Prostaglandin D2, a mast cell mediator, can also cause tachycardia. Of note, prostaglandin D2 is not stored in mast cell granules. It is made following mast cell activation and is considered part of the “late phase allergy response”, which can occur several hours after exposure to a trigger.
Tachycardia is a common symptom for mast cell patients. The recommendation in a recent review article is to treat when the heart rate is perpetually over 100-120 bpm, or when it is extremely distressing to the patient. There are a number of options for treatment. As it can be caused directly by mast cell behavior, mast cell medications such as antihistamines (H1 and H2) should be adjusted for maximum effect. Renin inhibitors, such as aliskiren (Tekturna in the US), can be used to treat supraventricular tachycardia (SVT) in mast cell patients, as can angiotensin receptor blockers like losartan, valsartan and others. Patients on renin inhibitors or angiotensin receptor blockers can also decrease blood pressure.

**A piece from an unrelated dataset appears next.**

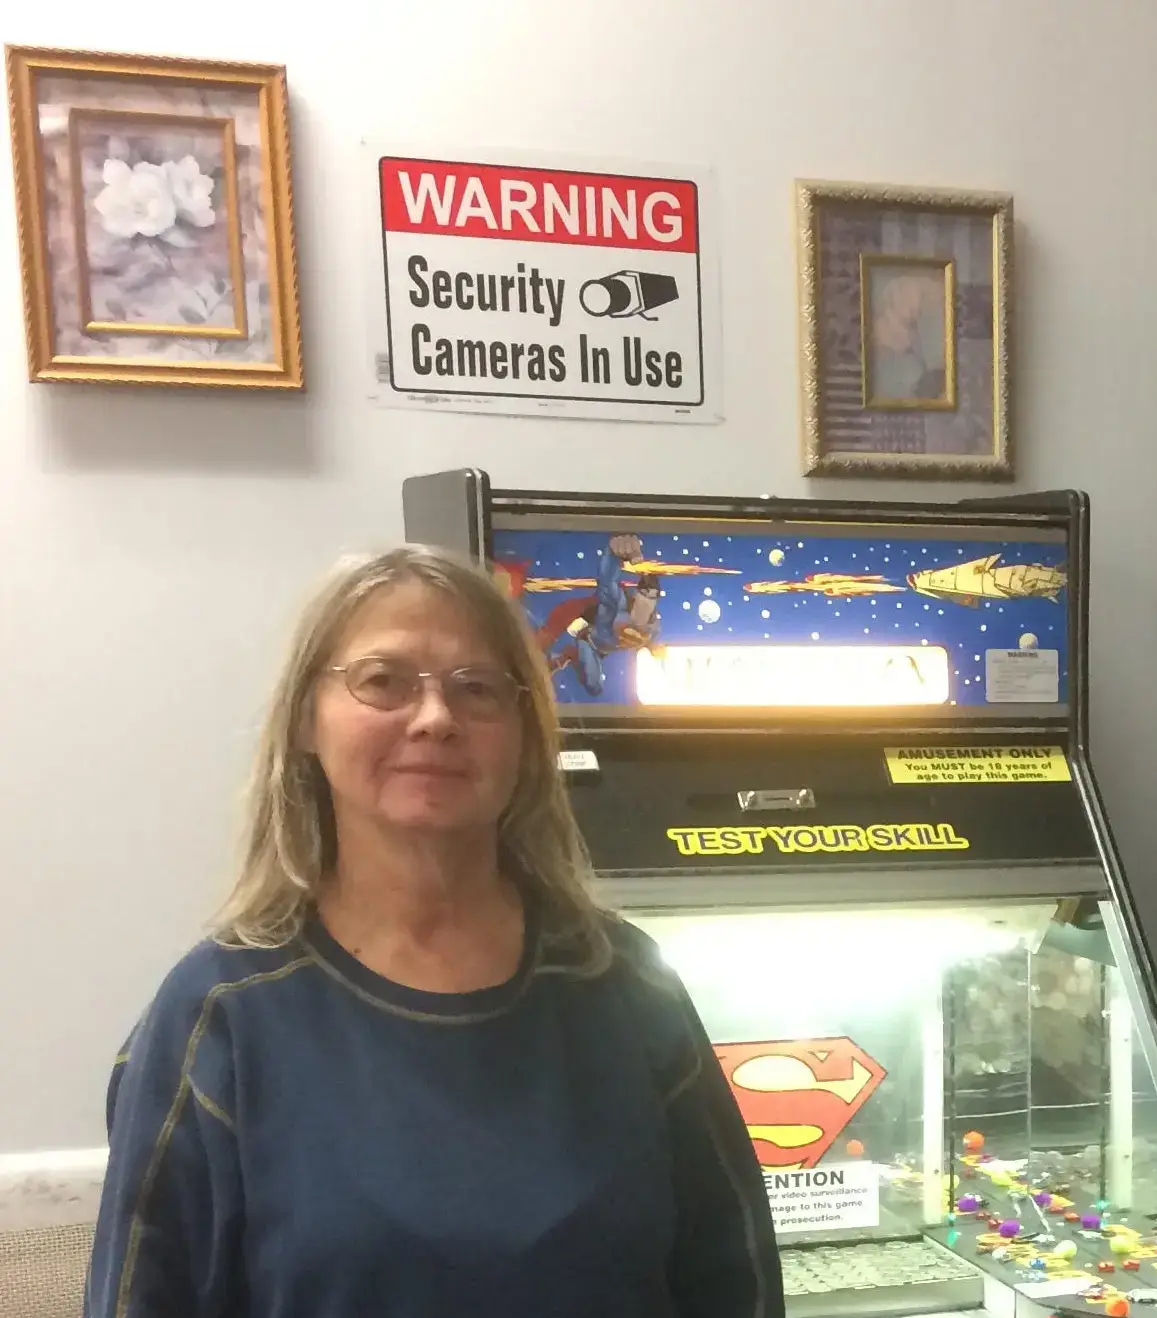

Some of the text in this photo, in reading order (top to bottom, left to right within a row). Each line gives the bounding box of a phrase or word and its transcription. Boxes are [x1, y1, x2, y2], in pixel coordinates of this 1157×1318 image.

Calcium channel blockers, like verapamil, are also an option. The medication ivabradine treats tachycardia in patients who have a regular heart rhythm and does not affect blood pressure. Ivabradine is not used to treat atrial fibrillation. β-blockers are contraindicated in mast cell patients because it interferes with the action of epinephrine, making patients more likely to have reactions and epinephrine less likely to treat effectively.
References:
Kolck UW, et al. Cardiovascular symptoms in patients with systemic mast cell activation disease. Translation Research 2016; x:1-10.
Gonzalez-de-Olano D, et al. Mast cell-related disorders presenting with Kounis Syndrome. International Journal of Cardiology 2012: 161(1): 56-58.
Kennedy S, et al. Mast cells and vascular diseases. Pharmacology & Therapeutics 2013; 138: 53-65.